Operating and Administrative Expenses
Operating and administrative expenses for the quarter ended March 30, 2002 increased 4.1% to 23.7% of sales compared to 23.6% of sales for the second quarter last year.
The largest increase in operating and administrative expenses was insurance expense. Insurance expense for the March 2002 quarter increased 29.8% over the same quarter last year, primarily as a result of rising health care costs.
Payroll costs, as a percentage of sales, decreased to 9.3% of sales in the March 2002 quarter from 9.6% of sales in the March 2001 quarter due to the revision of the Companys labor standards in October 2001 to reflect changes made in the merchandising and operation of the stores. The Company expects this improvement to continue as it has recently embarked on a new labor management initiative to schedule store labor more effectively.
Advertising expense during the March 2002 quarter, as compared to the same quarter of 2001, increased due to the timing of certain promotions and the receipt of an advertising rebate in fiscal 2001.

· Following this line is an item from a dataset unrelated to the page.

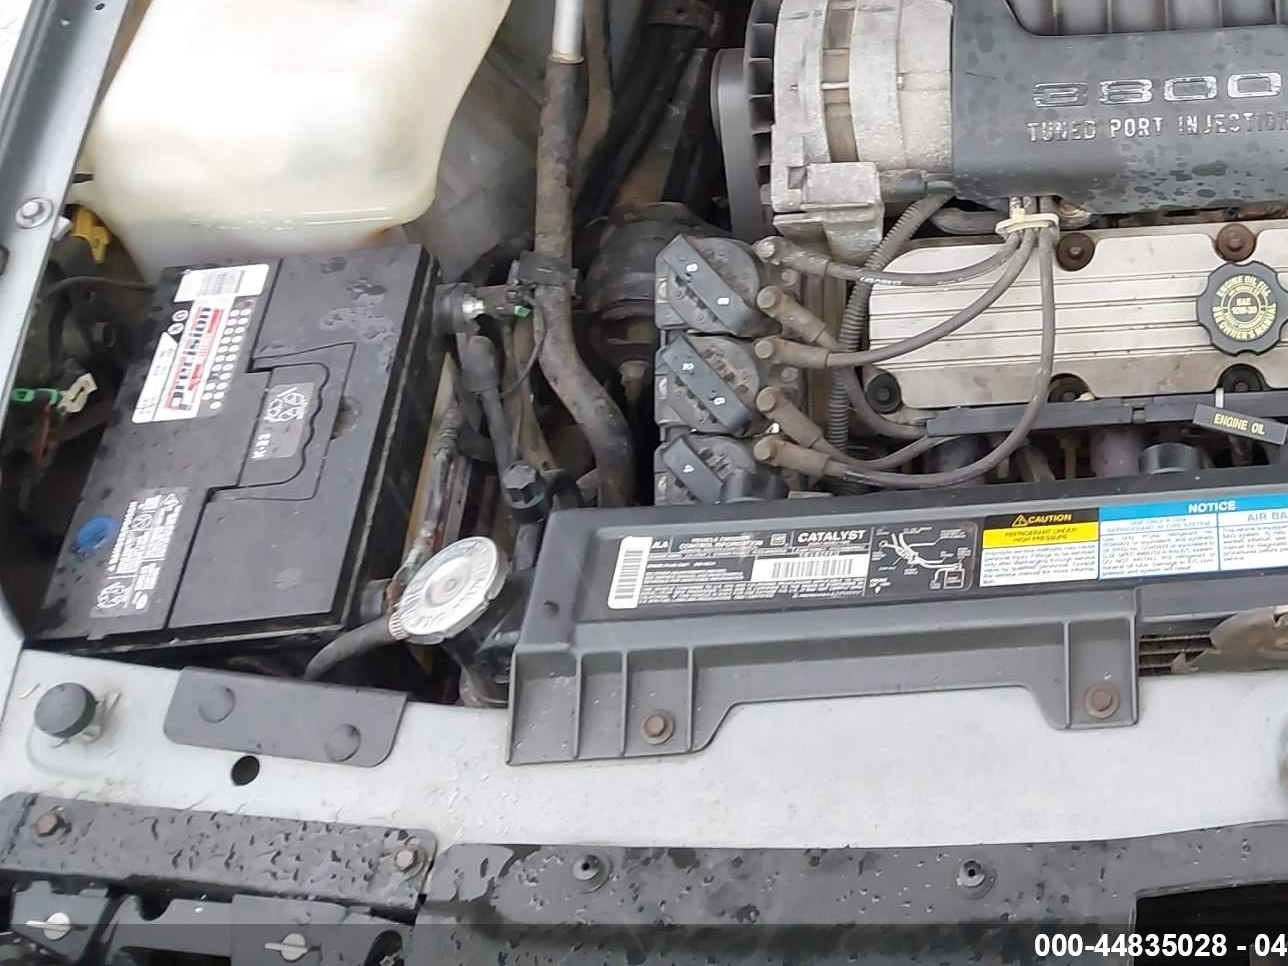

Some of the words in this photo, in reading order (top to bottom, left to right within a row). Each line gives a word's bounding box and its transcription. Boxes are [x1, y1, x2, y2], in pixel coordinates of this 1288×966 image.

A breakdown of the major increases (decreases) in operating and administrative expenses, expressed as a percentage of sales, is as follows:
Insurance | 0.3 | % | ||||||||||||||
Salaries and wages | (0.4 | )% | ||||||||||||||
Advertising | 0.2 | % |
Rental Income, Net
Rental income, net declined slightly for the March 2002 quarter over the comparable period in fiscal 2001. Gross rental income increased $0.2 million, while shopping center expenses (primarily depreciation) increased $0.2 million.
Other Income, Net
Other income, net declined $0.2 million for the March 2002 quarter over the comparable period in fiscal 2001. Interest income increased $0.3 million for the March 2002 quarter over the same quarter last year. Gains on the sales of assets of $0.3 million are included in other income, net in the March 2001 quarter. There were no significant sales of assets in the March 2002 quarter. The balance of the decrease resulted from various miscellaneous items.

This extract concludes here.